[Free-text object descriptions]
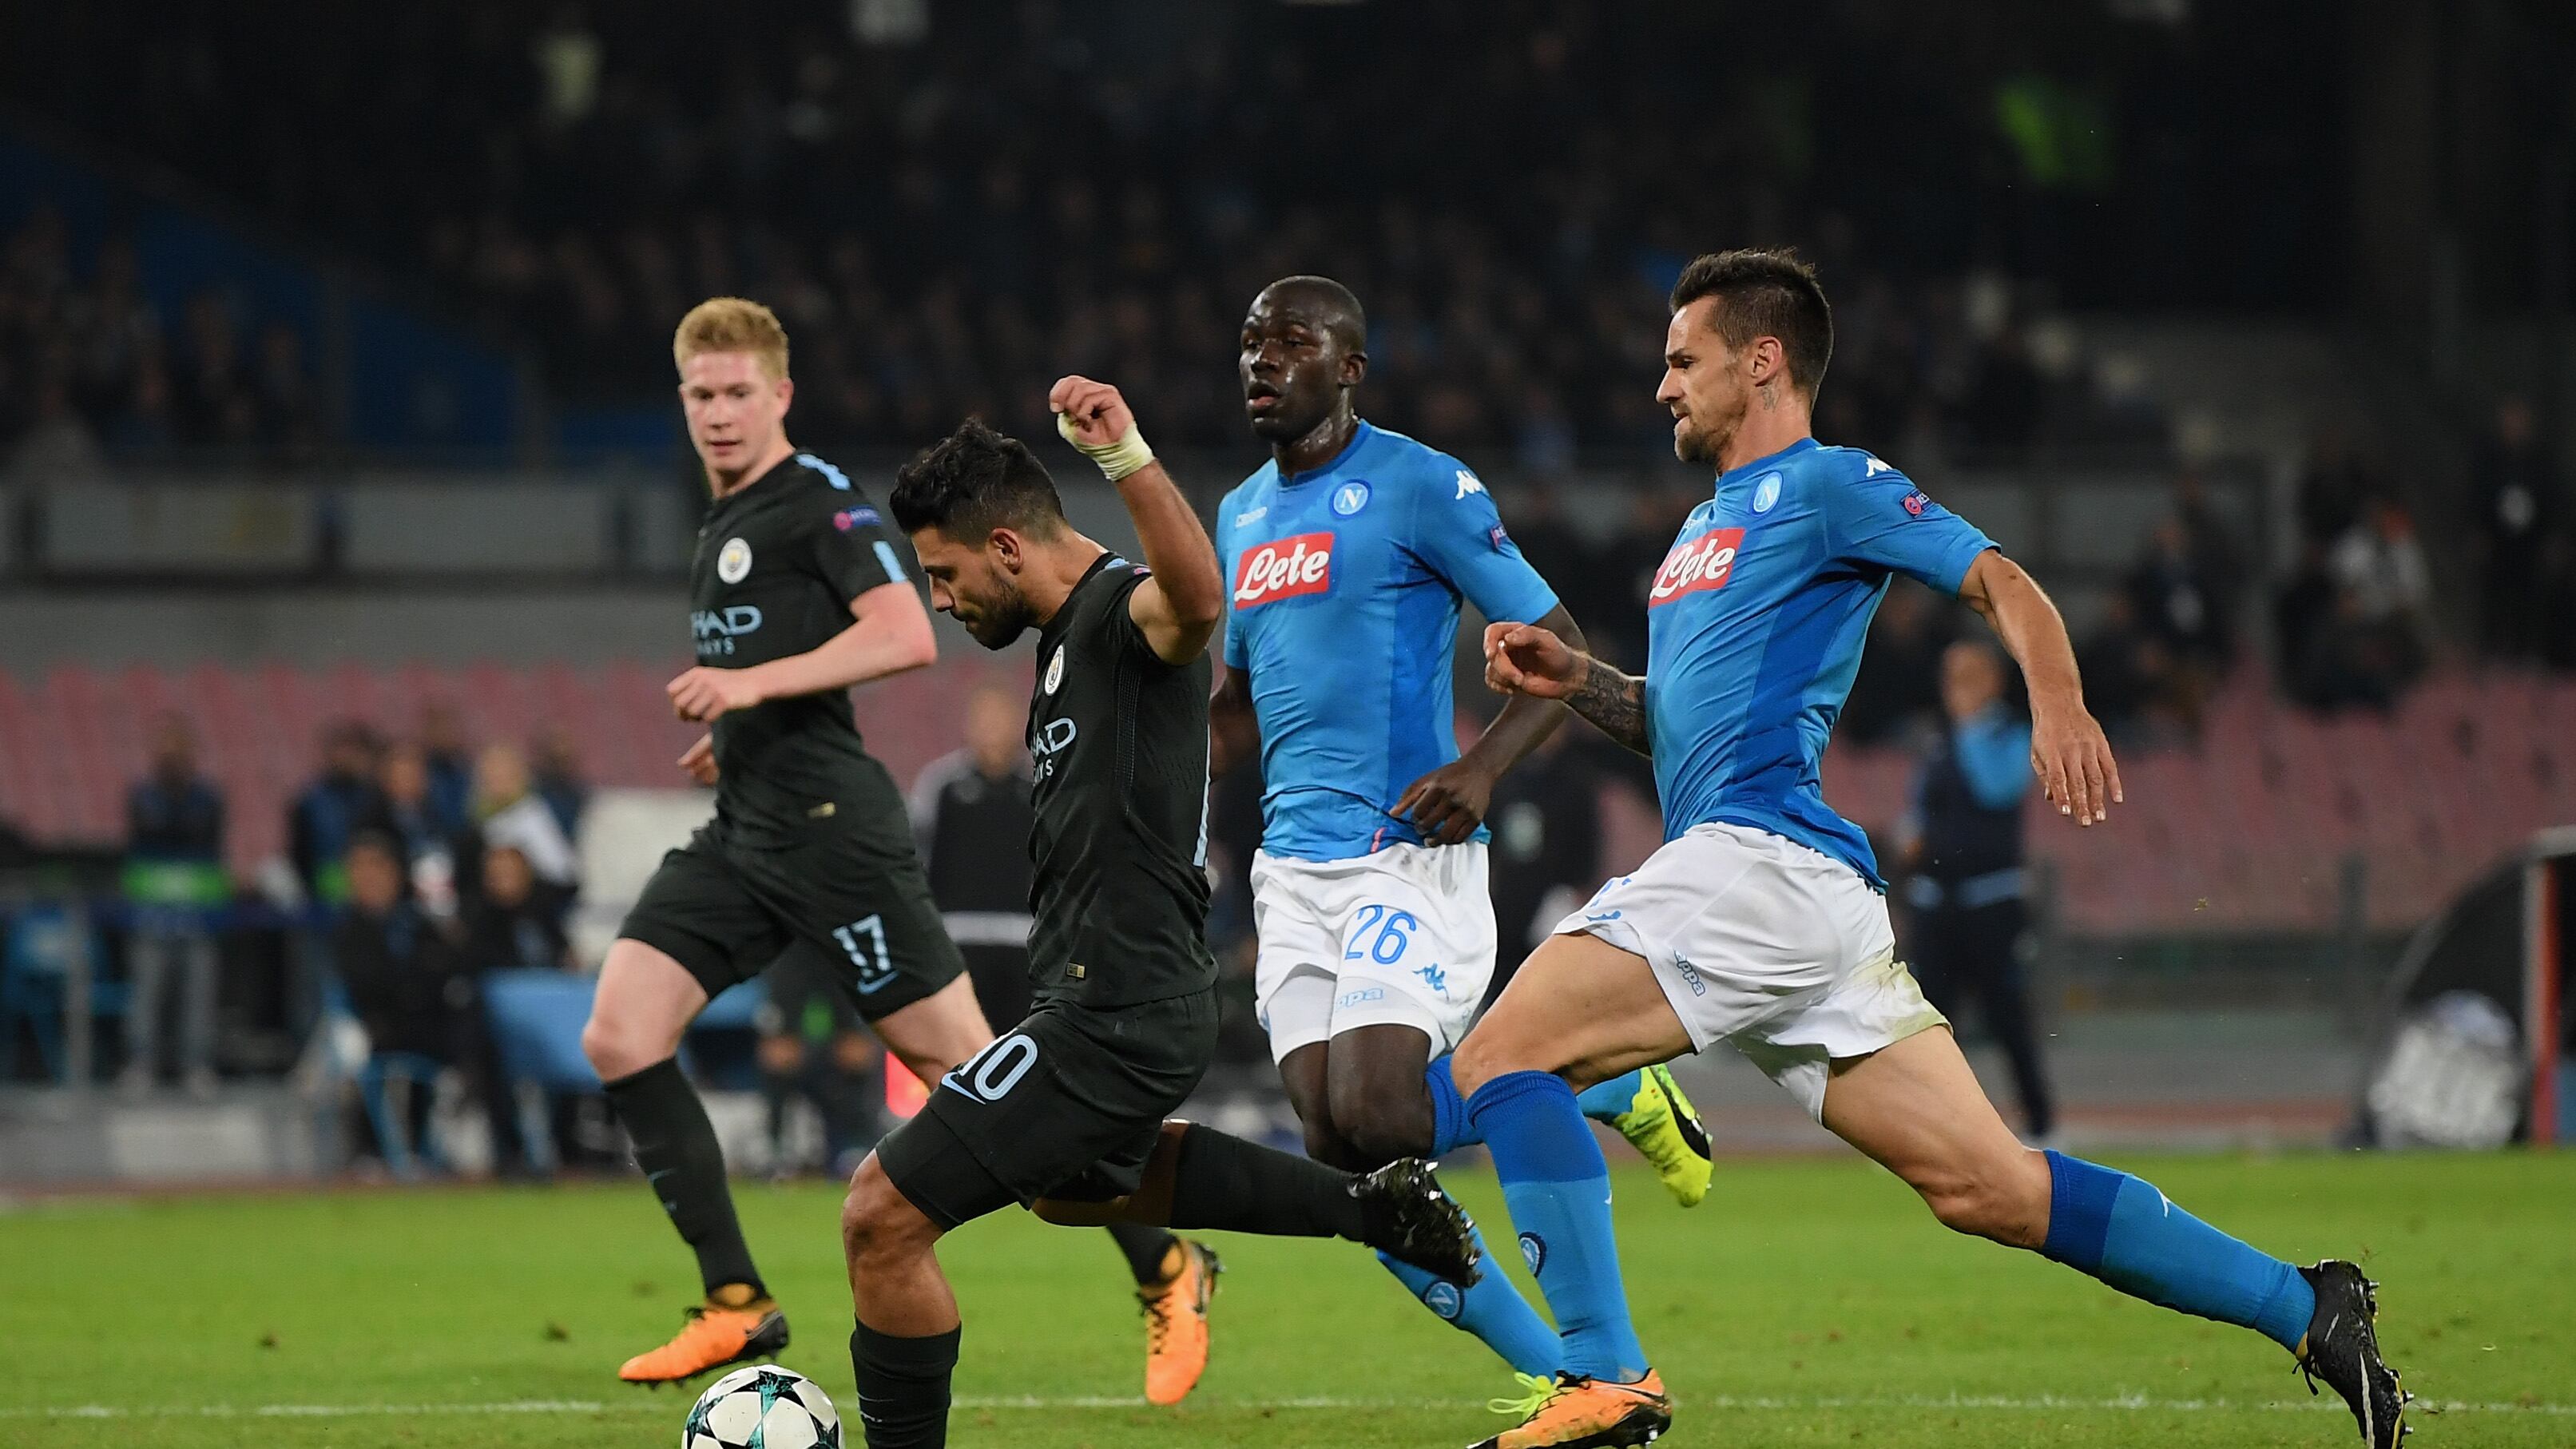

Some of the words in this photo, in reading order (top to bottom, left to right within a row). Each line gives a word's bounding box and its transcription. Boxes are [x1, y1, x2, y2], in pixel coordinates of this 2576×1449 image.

[1234, 542, 1330, 602] Lete
[1650, 538, 1735, 599] Lete
[832, 913, 892, 978] 17
[1344, 904, 1417, 965] 26
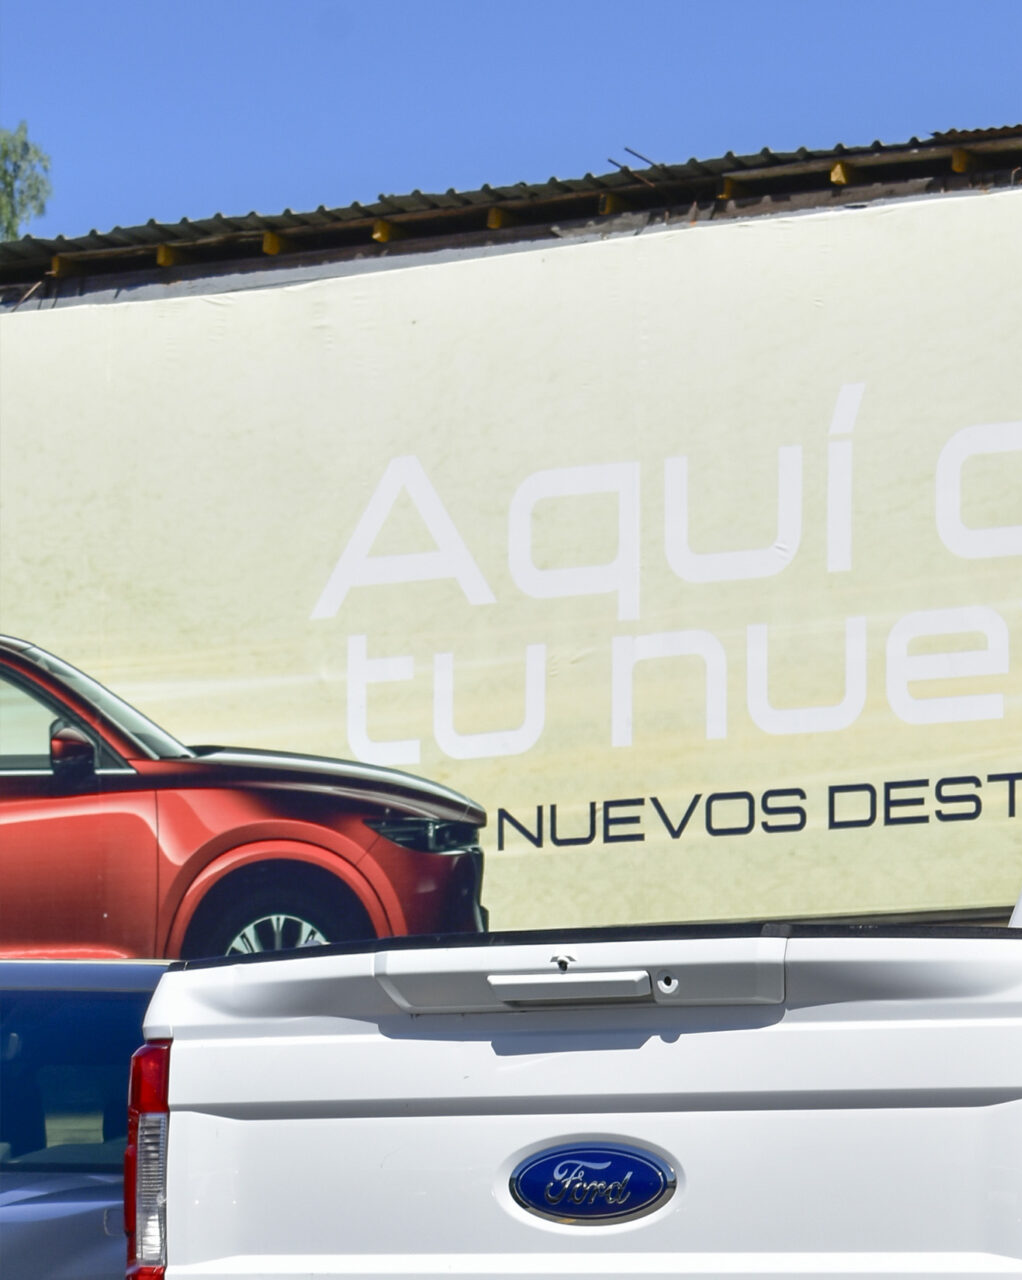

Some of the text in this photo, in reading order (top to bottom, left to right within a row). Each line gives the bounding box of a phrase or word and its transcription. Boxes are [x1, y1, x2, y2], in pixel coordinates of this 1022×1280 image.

What the task asks:
Leave the pictures behind and transcribe every record above exactly.

Output of the exercise:
Some of the words in this photo, in reading order (top to bottom, left to right within a row). Each line gives a word's bounding box and its transcription. Boxes are [x1, y1, x2, y2], in pixel coordinates of this 2576×1449 image.

[1234, 542, 1330, 602] Lete
[1650, 538, 1735, 599] Lete
[832, 913, 892, 978] 17
[1344, 904, 1417, 965] 26

Some of the text in this photo, in reading order (top to bottom, left to right within a row). Each line gives the bounding box of a phrase or word and its transcription. Boxes are [x1, y1, x2, y2], in pixel coordinates of this 1022×1280 image.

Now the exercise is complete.